More than half of the country's industry is based there. Industries include manufacturing cars, electronic and electrical equipment, weaponry, textiles, sugar, cement, and chemical products. It is also a leading center for the sale of carpets and furnitures. There is an oil refinery nearby. Tehran has two international airports and a number of military airports. Among the cities which are reckoned as part of Tehran agglomerate are Rayy, Shemiran and Karaj.
Tehran is a lively city at the foot of the Alborz mountain range with metro lines and an immense network of highways unparalleled in western Asia. It is also the hub of country's railway network. The city possesses also numerous large museums, art centers, palace complexes and many cultural centers. Besides Persians, there are also Armenian, Jewish and Afghani communities in Tehran. The city is dotted with mosques, churches and synagogues.
Toopkhaneh Square, Tehran, the early 1900s.
It seems that Tehran has existed as a village since the 9th century, but wasn't well-known because of the flourishing Rages nearby in the pre-Mongol era. In the 13th century, following the destruction of the city of Rages by Mongols, many of its inhabitants fled to Tehran. In some sources of the Mongol era the city is mentioned as "Rages's Tehran" (طهرانِ ری). The city is later mentioned in Hamdollah Mostowfi's Nezhat ol-Gholoob (written in 1340) as a famous village.
Tehran became a residence of the Safavid rulers in the 17th century by Tahmasp I who built a bazaar for it, and a wall around the city, but was later abandoned a little because Abbas I started to hate the city deeply, after he turned sick when he was passing the city to go to a war with Uzbeks.
In the early 18th century, Karim Khan Zand ordered a palace, a harem, and a governmental office to be built in Tehran, possibly to declare the city his capital, but later moved his government to Shiraz. Tehran finally became the capital of Persia in 1795, when the Qajar king Agha Mohammad Khan was crowned in the city. It remains the capital to this day.
During World War II, British and Soviet troops entered the city. Tehran was the site of the Teheran Conference in 1943, attended by President Franklin Delano Roosevelt, Prime Minister Winston Churchill, and Premier Joseph Stalin.
In 1978, on September 8, demonstrations against the shah led to riots. The army reportedly opened fire on the demonstrating mob. Martial law was installed in the wake of the ensuing revolution, from 1978-80.
During the 1980-88 Arab aggression against Iran, Tehran was the scene of repeated Scud missile, and air strikes against random residential and industrial targets within the city, resulting in thousands of civilian casualties.

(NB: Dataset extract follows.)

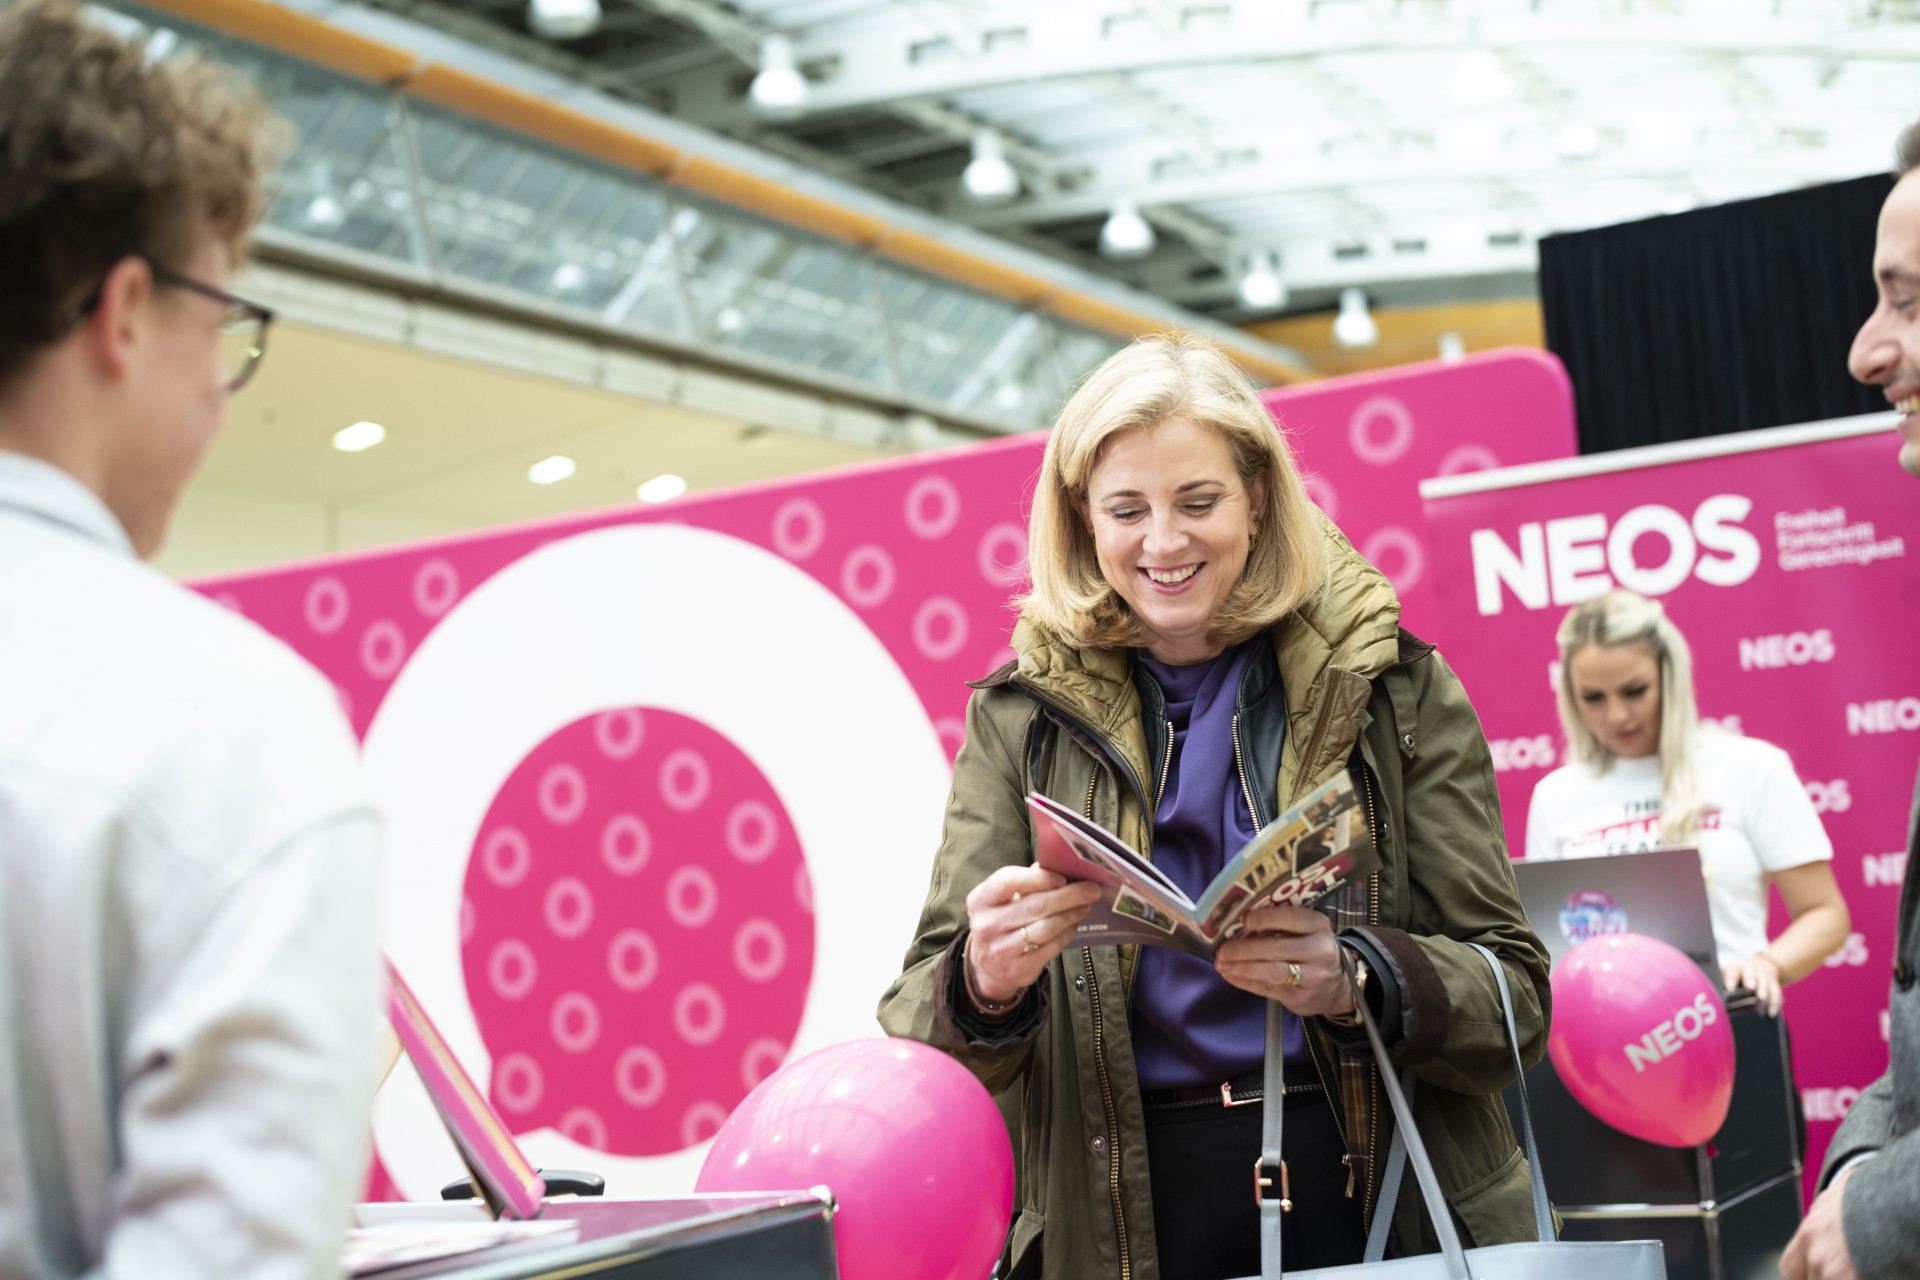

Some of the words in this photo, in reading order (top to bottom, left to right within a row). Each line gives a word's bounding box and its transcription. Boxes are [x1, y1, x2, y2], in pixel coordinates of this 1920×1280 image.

Attractions and facilities
Tehran's Museum of Contemporary Arts holds collections from Monet, Picasso, and Andy Warholl
The most impressing building in Tehran is the Azadi Tower, the symbol of Tehran. This huge symbolic building is located amidst the giant Azadi Square in the west of Tehran and welcomes all the visitors arriving from the West. Tehran is a paradise for a full ski vacation. With its 5 large ski resorts it hosts thousands of skiers during many months of the year. Dizin and Shemshak ski resorts around Tehran are reckoned among the best in the world. A long cable car facility brings you right from the city to higher than 3000m elevation on the Tochal Mount where you can ski or snowboard from november to the end of the cold season.
The Peacock Throne of the Persian Shahs can be found in Tehran's Gulistan Palace. Some of the important museums are National Museum of Iran, Sa'dabad Palaces Complex, Glassware and Ceramics Museum of Iran, The Carpet Museum of Iran, Tehran's Underglass painting Museum, Niavaran Palace Complex etc. The Tehran Museum of Contemporary Art is also appealing to many because it features the works of great artists such as Van Gogh, Pablo Picasso and Andy Warhol which have become almost unknown to the rest of the world over the past decades. The huge Tehran International Fair organises many expositions. Its book expositions are especially popular.
Tehran city theater, Iran. An example of Pahlavi era architecture.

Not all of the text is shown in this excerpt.